(well, technically the decade doesn't end until Dec 31'st, 2010, but since EVERYTHING seems to be a lie, why not lie about when the decade ends! . . .)
By Nikolaj Gammeltoft
Jan. 1 (Bloomberg) -- U.S. stocks fell this week, limiting an advance that sent the Standard & Poor’s 500 Index to its biggest annual increase in six years. The 2009 rally failed to rescue investors from the worst return for any decade.
Ford Motor Co. dropped 1.3 percent for the week, bringing its decade loss to 80 percent after the credit crisis threatened to push the carmaker into bankruptcy last year.
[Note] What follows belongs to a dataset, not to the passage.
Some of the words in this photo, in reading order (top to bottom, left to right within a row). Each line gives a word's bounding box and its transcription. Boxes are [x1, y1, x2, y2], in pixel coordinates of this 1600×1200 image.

Apple Computer Inc., the iPhone maker that beat analysts’ profit estimates for 19 straight quarters, climbed 0.8 percent, extending a 720 percent advance over the last 10 years.
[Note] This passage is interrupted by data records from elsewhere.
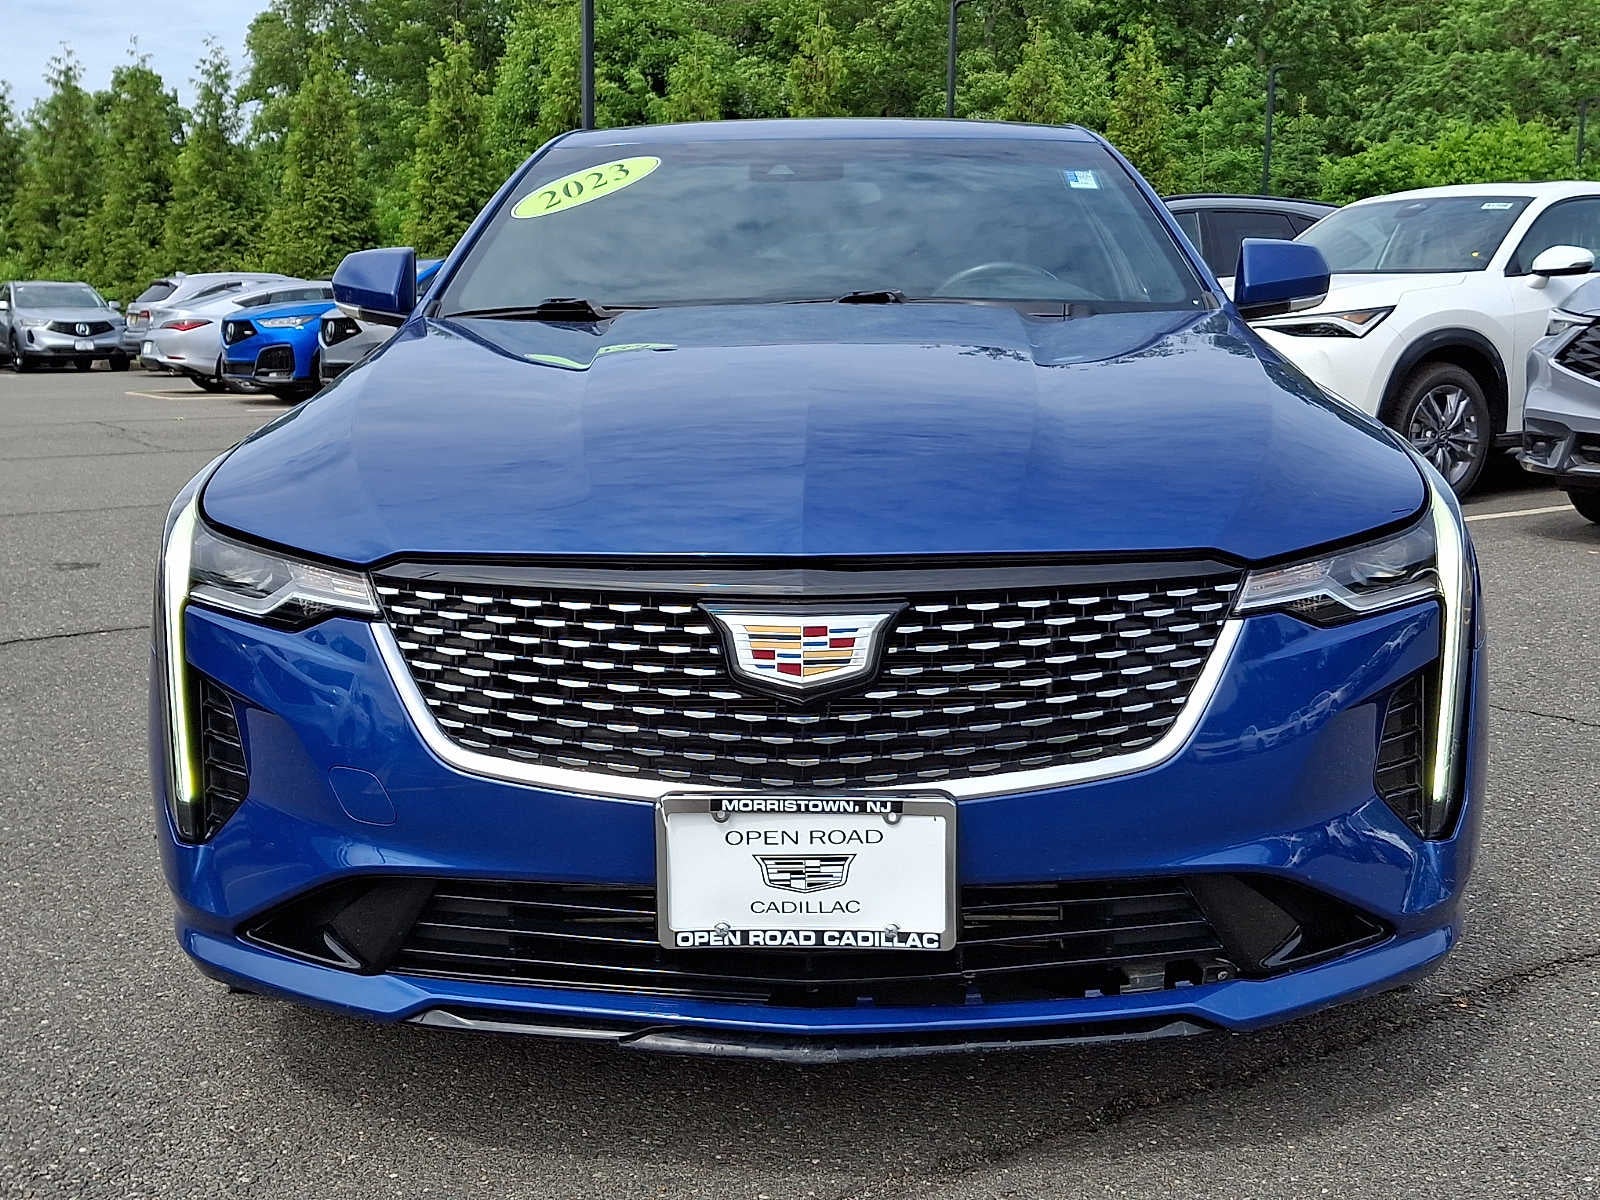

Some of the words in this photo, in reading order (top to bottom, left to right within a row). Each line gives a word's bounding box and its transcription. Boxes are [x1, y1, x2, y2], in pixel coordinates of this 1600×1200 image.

[538, 164, 630, 209] 2023
[721, 799, 859, 813] MORRISTOWN,
[866, 800, 892, 813] NJ
[724, 830, 799, 846] OPEN
[809, 829, 884, 845] ROAD
[750, 900, 861, 914] CADILLAC
[676, 931, 741, 947] OPEN
[748, 931, 816, 947] ROAD
[823, 931, 940, 949] CADILLAC
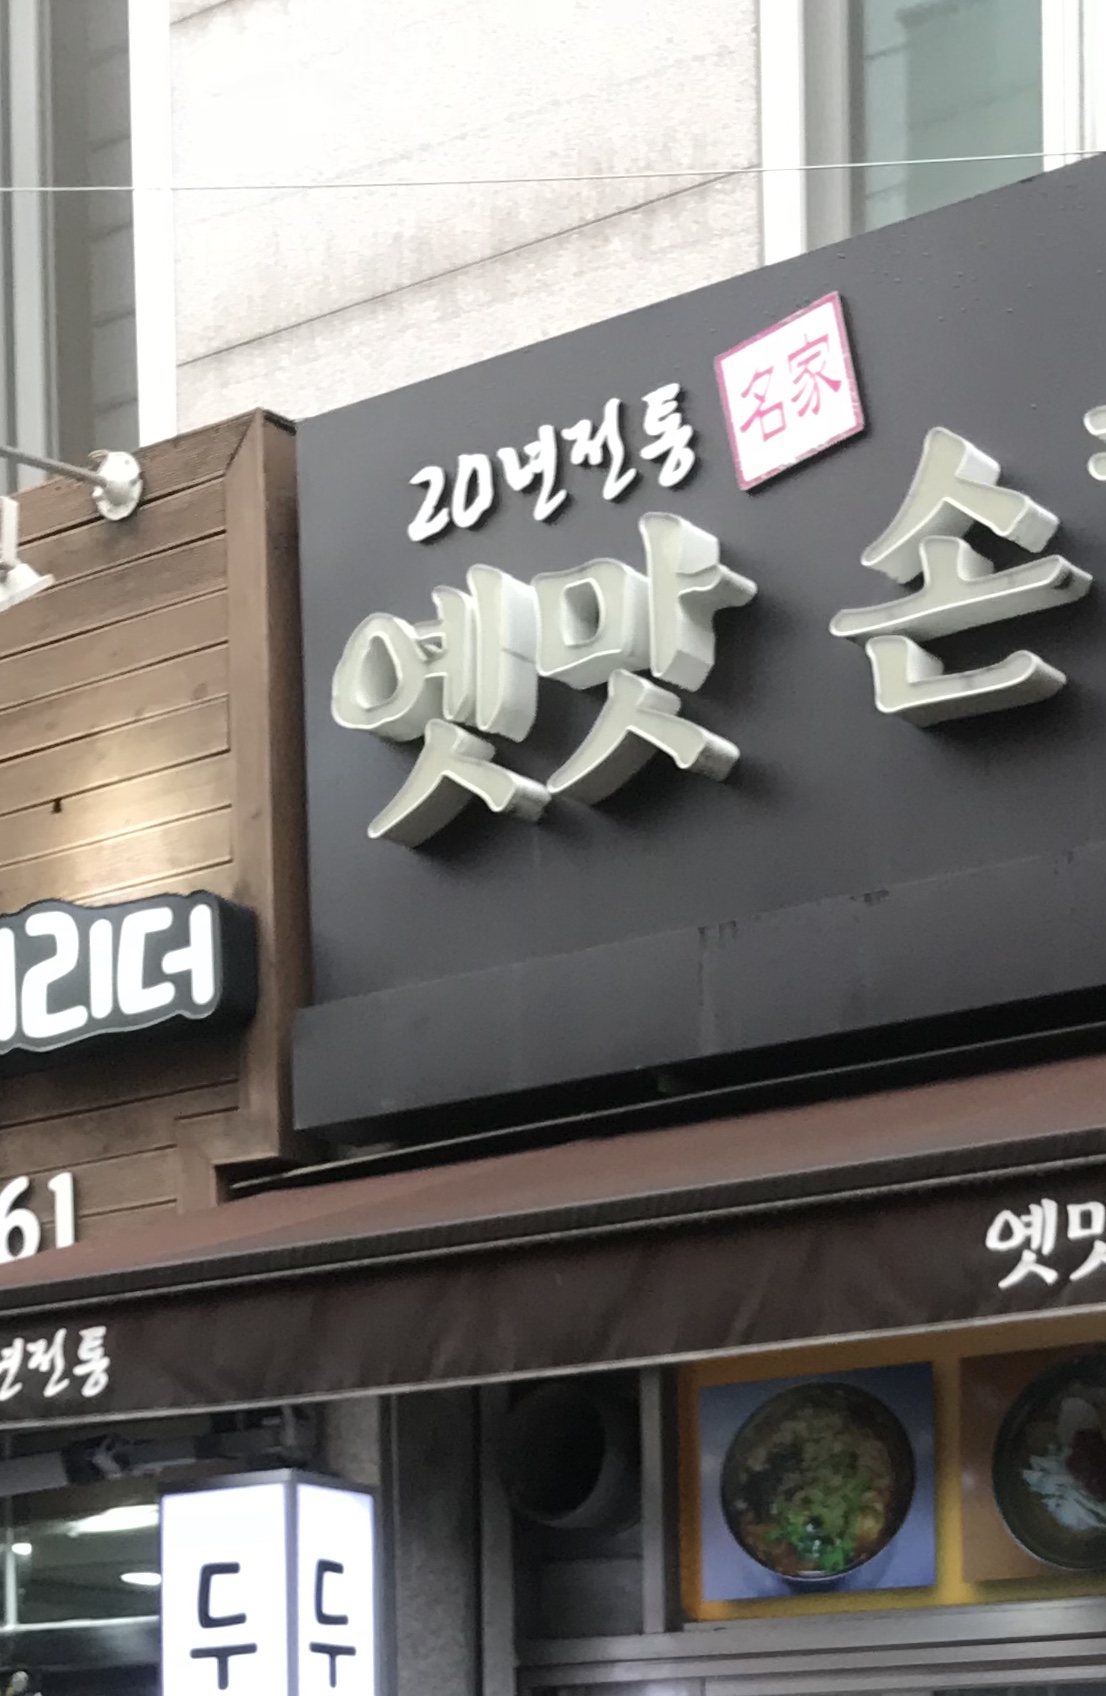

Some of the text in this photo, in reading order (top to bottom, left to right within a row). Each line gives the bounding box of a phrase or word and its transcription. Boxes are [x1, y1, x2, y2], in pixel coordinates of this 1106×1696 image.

[406, 382, 698, 543] 20년전통
[740, 333, 842, 442] 名家
[331, 511, 759, 850] 옛맛
This past year’s rally wasn’t enough to restore money lost in two bear markets after the Internet bubble collapsed in 2000 and more than $1.7 trillion in global bank losses sent the index to a 38 percent decline in 2008. The S&P 500 posted an average decrease of 0.9 percent a year since 1999 including dividends, the first negative return for a decade since data began in 1927, according to S&P analyst Howard Silverblatt.
“This dispelled two myths,” said Robert Arnott, founder of Research Affiliates LLC, which oversees $47 billion in Newport Beach, California. “The notion that investment gains are easy, and the notion that stocks will win for the patient investor, no matter what we pay.”